Your welcome. I'm glad you enjoy it. ^_^


----------



## Blaziking the God General

*Re: Hawkfish's Avatar Shop*

Color scheme: Red
Digimon/Pokemon: Castform
Light source: Upper right
Want a Mini transparent shape: No
Text: Blaziking
Text font: Comic Sans
Text size: 1
Would you like a corner?: I guess so...
Anything else?: Nope.


----------



## Hawkfish

*Re: Hawkfish's Avatar Shop*

Yep, here you go Blaziking. ^_^ If you don't like it tell me and I'll do it again. I coudn't pick up the link you gave me so I had to find another image is that okay?


----------



## Blaziking the God General

*Re: Hawkfish's Avatar Shop*

OOH! I love it! Thanks!


----------



## Hawkfish

*Re: Hawkfish's Avatar Shop*

Your welcome. I'm glad you enjoy it. ^_^


----------



## Kinova

*Re: Hawkfish's Avatar Shop*

Ahh, these're gorgeous~ I like your current avatar and the one you have before it, especially. Could I make a request, please?

Color scheme: Um, blue?
Digimon/Pokemon: Wizardmon; hopefully this image (crop it if it's too big) or you can pick another if it doesn't work.
Light source: Top left.
Want a Mini transparent shape: A crescent moon.
If so is there spefic one you would like?: Nah, up to you. If you can't find one then skip it, I don't mind.
Text: None
Text font: None
Text size: ...none.
Would you like a corner?: Uh, 'kay.
Anything else?: Um, if you could make it 100x100, that'd be great.

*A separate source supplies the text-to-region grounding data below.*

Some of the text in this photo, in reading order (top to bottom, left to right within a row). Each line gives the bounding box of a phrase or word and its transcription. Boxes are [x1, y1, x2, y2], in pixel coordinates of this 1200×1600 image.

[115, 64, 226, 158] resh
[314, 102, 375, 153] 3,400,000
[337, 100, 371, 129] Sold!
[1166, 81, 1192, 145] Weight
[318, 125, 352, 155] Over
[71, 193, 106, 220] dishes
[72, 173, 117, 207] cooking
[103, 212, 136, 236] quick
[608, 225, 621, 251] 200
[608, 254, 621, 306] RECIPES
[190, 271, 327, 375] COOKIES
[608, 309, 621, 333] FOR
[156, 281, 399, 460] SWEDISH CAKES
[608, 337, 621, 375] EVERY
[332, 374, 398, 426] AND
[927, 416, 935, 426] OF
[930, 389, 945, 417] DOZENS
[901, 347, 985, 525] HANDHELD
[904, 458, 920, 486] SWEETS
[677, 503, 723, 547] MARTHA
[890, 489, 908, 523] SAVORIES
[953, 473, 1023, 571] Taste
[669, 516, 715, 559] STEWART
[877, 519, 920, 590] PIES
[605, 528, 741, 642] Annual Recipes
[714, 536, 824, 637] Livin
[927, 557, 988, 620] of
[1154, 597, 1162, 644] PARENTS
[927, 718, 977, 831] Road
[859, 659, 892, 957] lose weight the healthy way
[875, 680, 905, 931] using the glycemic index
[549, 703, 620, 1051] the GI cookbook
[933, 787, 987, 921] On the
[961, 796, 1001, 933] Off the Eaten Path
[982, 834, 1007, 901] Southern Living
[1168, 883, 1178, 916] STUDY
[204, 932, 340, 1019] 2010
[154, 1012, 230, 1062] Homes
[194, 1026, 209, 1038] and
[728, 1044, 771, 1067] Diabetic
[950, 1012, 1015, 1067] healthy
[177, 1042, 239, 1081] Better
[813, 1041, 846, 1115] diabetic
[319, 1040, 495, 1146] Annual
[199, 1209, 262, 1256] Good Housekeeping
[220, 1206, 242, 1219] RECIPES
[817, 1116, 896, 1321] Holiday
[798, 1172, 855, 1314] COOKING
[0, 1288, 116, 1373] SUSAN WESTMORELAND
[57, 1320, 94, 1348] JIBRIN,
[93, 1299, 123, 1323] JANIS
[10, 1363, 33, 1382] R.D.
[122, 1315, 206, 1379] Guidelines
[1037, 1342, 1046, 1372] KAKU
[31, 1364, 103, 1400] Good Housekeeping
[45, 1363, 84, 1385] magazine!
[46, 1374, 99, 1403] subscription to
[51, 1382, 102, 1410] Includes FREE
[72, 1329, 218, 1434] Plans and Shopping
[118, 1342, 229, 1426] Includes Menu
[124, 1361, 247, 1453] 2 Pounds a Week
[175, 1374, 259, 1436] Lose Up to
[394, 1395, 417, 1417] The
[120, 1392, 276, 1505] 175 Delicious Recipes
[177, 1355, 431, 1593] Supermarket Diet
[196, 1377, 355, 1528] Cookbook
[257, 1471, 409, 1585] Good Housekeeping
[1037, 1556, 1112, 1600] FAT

Many thanks if you can do it. :3


----------



## Hawkfish

*Re: Hawkfish's Avatar Shop*

Here you go. ^_^ If you don't like it tell me and I'll make you a new one.





 This one was pretty difficult since Wizardmon sadly has a lot of low quality pics so I had to use something that I woudn't use usually. And  I didn't think a corner would look good on this...


----------



## Kinova

*Re: Hawkfish's Avatar Shop*



Hawkfish said:


> Here you go. ^_^ If you don't like it tell me and I'll make you a new one.
> 
> 
> 
> 
> 
> This one was pretty difficult since Wizardmon sadly has a lot of low quality pics so I had to use something that I woudn't use usually. And  I didn't think a corner would look good on this...


Oh, wow. It's brilliant, thanks so much! Don't worry about the corner, it looks great as it is~

[Insert agreeing on the "no good quality picture front"] Trying to find a good reference picture is a complete pain.


----------



## Hawkfish

*Re: Hawkfish's Avatar Shop*

I'm glad your your welcome. ^_^ 
And the reference picture was good. It did it's job. I never understood why someone would want to decrease the quality on a image that much. A little bit too decrease file size I understand but to make it ugly and hard to see... Oh well I'm getting off topic too much.


----------



## Mewtwo

*Re: Hawkfish's Avatar Shop*

i am starting an avvie collection,can you make me one?

Color scheme: Pink or Blue,can you do one of each if possible?
Digimon/Pokemon: Ooh,if you can do two,Mew and Gatomon ^.^If not,than only Gatomon
Light source: Top left.
Want a Mini transparent shape: Yes i want a star
If so is there spefic one you would like?: Nope,i just want a star
Text: Pokedigi(if only Mew,Dreams,if only Gatomon,Digimon)
Text font: Something curly ^.^(by that i'm reffering to cursive)
Text size: small
Would you like a corner?: Olny if it looks good
Anything else?:Nope


----------



## Hawkfish

*Re: Hawkfish's Avatar Shop*

Here you go Mewtwo. ^_^











 If you don't like them I'll do them again.


----------



## Mewtwo

*Re: Hawkfish's Avatar Shop*

they is awesome!
Can you make me a banner for my banner collection?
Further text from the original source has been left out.